▸ **Task instructions**: Word for word, copy all the data and drop the pictures.
** Data provided follows **
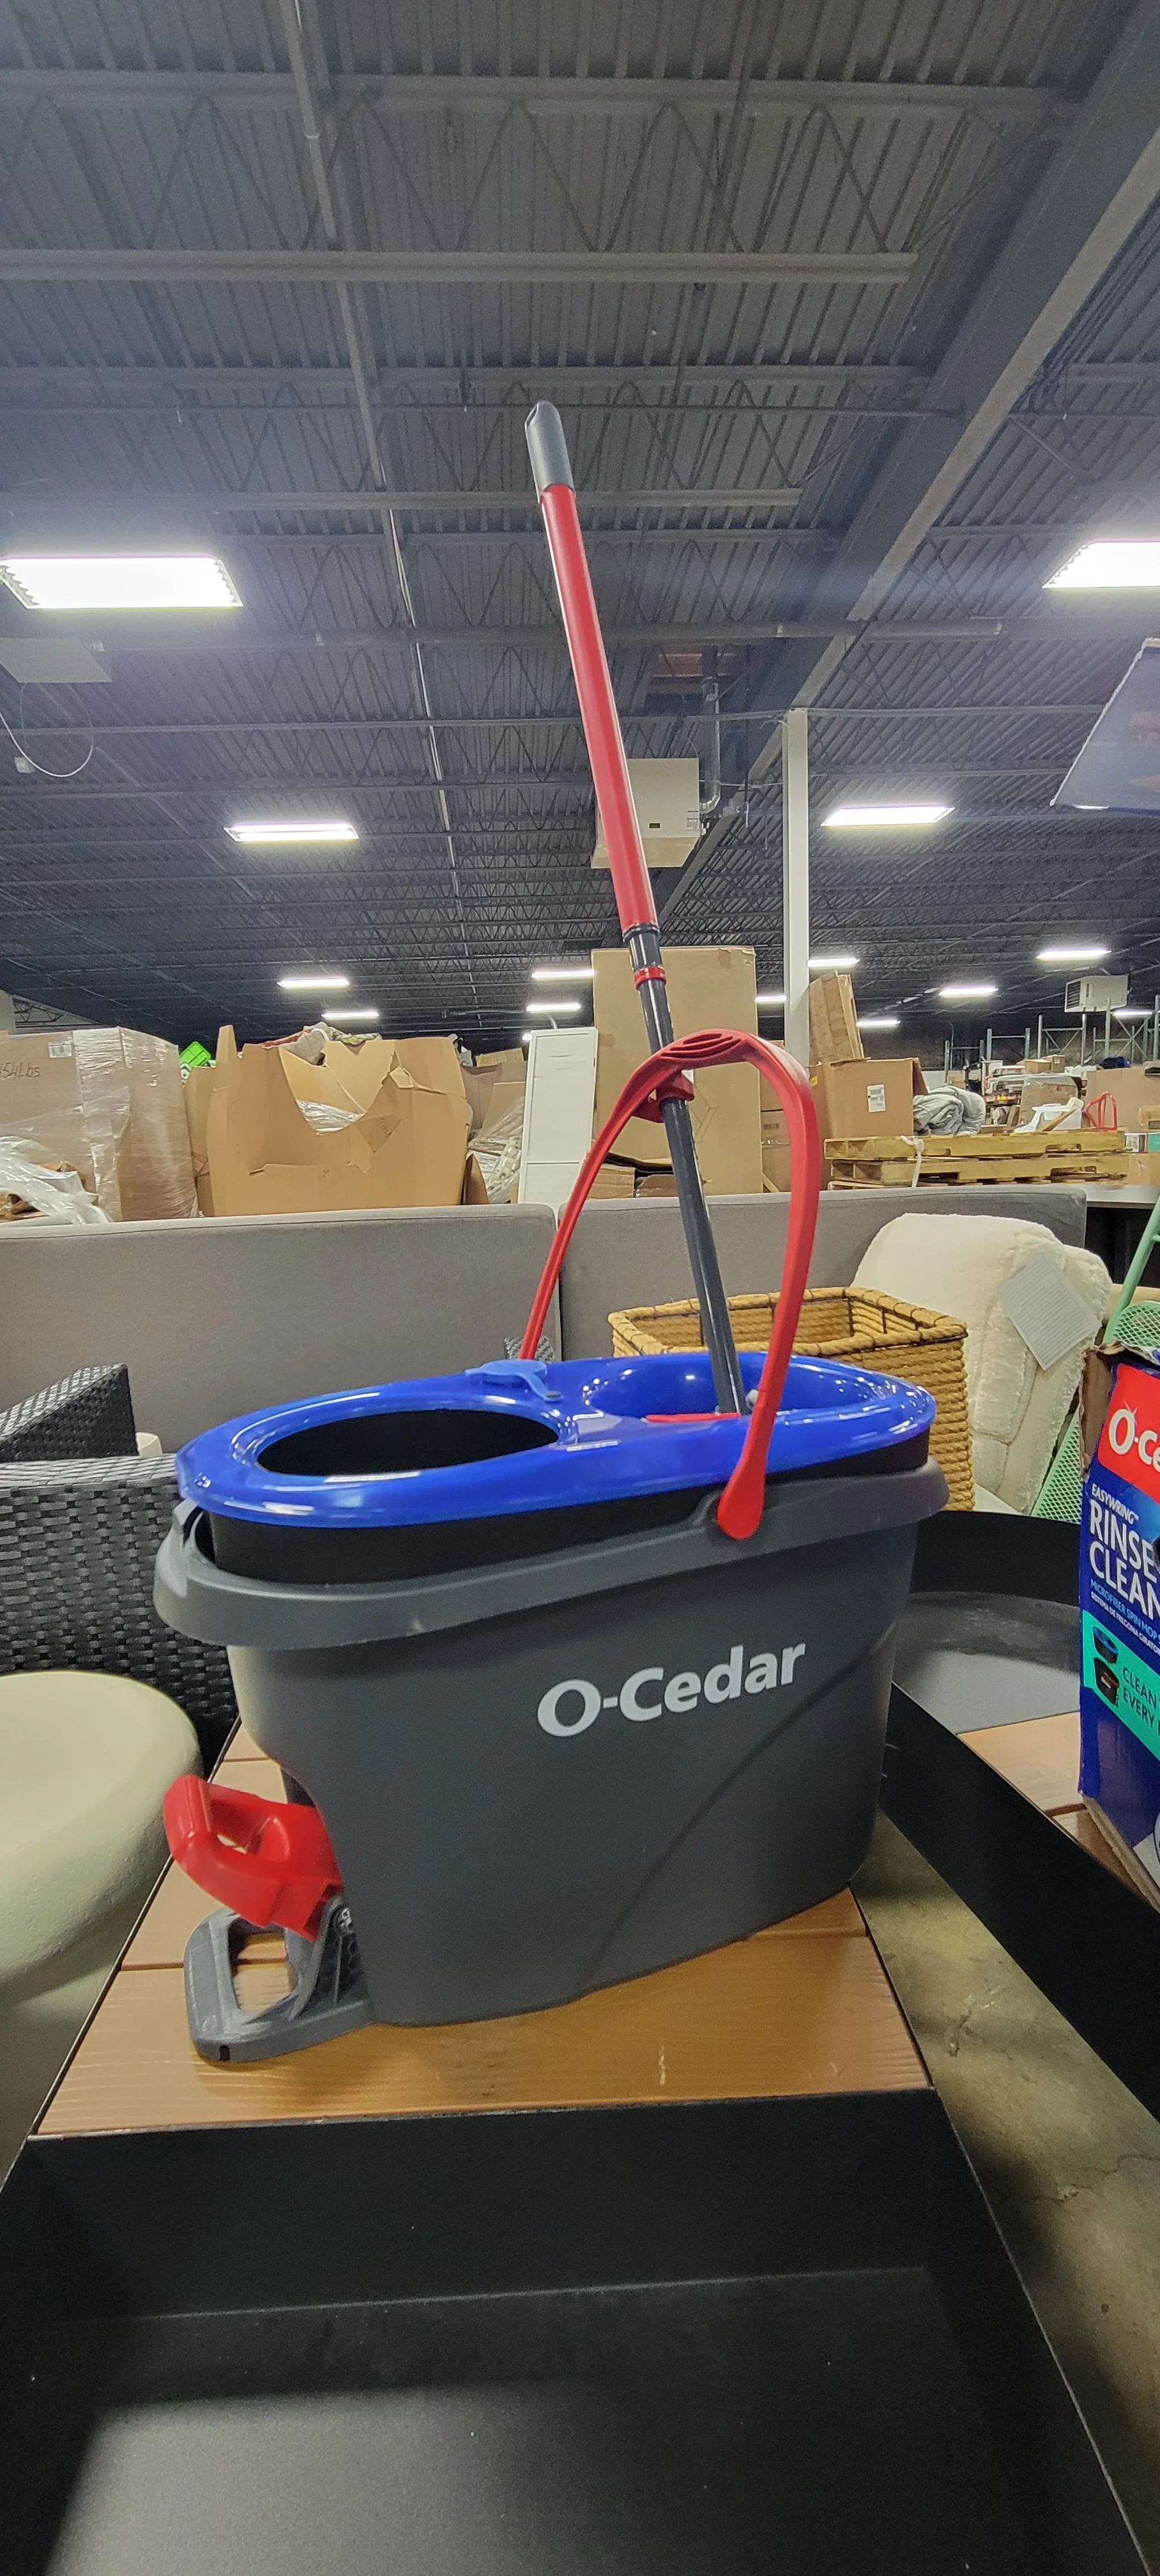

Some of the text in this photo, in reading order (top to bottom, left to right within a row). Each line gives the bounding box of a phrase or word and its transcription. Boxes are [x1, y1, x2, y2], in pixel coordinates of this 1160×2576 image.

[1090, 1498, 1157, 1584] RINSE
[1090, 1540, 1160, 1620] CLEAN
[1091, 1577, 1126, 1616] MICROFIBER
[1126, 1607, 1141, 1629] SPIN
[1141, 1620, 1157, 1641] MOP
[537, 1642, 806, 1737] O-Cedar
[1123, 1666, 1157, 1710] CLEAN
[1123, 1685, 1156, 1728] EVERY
** End of Data provided **
▸ **Your response**:
Some of the text in this photo, in reading order (top to bottom, left to right within a row). Each line gives the bounding box of a phrase or word and its transcription. Boxes are [x1, y1, x2, y2], in pixel coordinates of this 1160×2576 image.

[1090, 1498, 1157, 1584] RINSE
[1090, 1540, 1160, 1620] CLEAN
[1091, 1577, 1126, 1616] MICROFIBER
[1126, 1607, 1141, 1629] SPIN
[1141, 1620, 1157, 1641] MOP
[537, 1642, 806, 1737] O-Cedar
[1123, 1666, 1157, 1710] CLEAN
[1123, 1685, 1156, 1728] EVERY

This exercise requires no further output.